◆ **Aim of the task**
Would you repeat each line below exactly, without the pictures?
↓↓↓
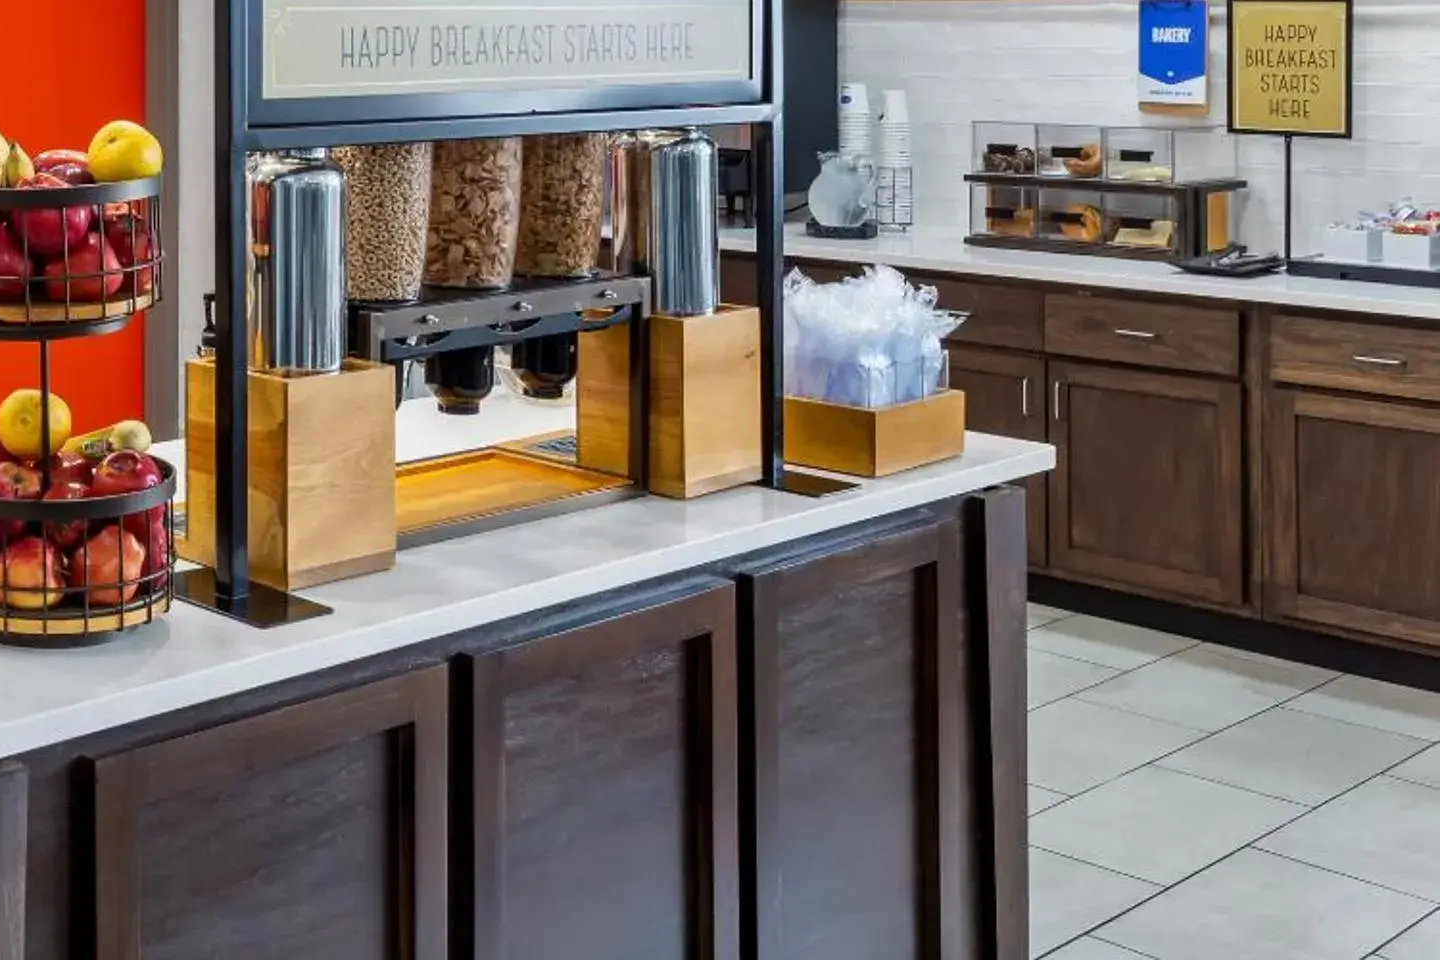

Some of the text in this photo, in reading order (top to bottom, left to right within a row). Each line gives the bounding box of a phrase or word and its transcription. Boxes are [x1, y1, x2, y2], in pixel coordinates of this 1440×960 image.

[1151, 27, 1192, 43] BAKERY
[1264, 24, 1318, 42] HAPPY
[340, 22, 695, 68] HAPPY BREAKFAST STARTS HERE
[1244, 49, 1336, 70] BREAKFAST
[1260, 74, 1320, 95] STARTS
[1268, 98, 1311, 119] HERE
↑↑↑
◆ **Solved exercise**
Some of the text in this photo, in reading order (top to bottom, left to right within a row). Each line gives the bounding box of a phrase or word and its transcription. Boxes are [x1, y1, x2, y2], in pixel coordinates of this 1440×960 image.

[1151, 27, 1192, 43] BAKERY
[1264, 24, 1318, 42] HAPPY
[340, 22, 695, 68] HAPPY BREAKFAST STARTS HERE
[1244, 49, 1336, 70] BREAKFAST
[1260, 74, 1320, 95] STARTS
[1268, 98, 1311, 119] HERE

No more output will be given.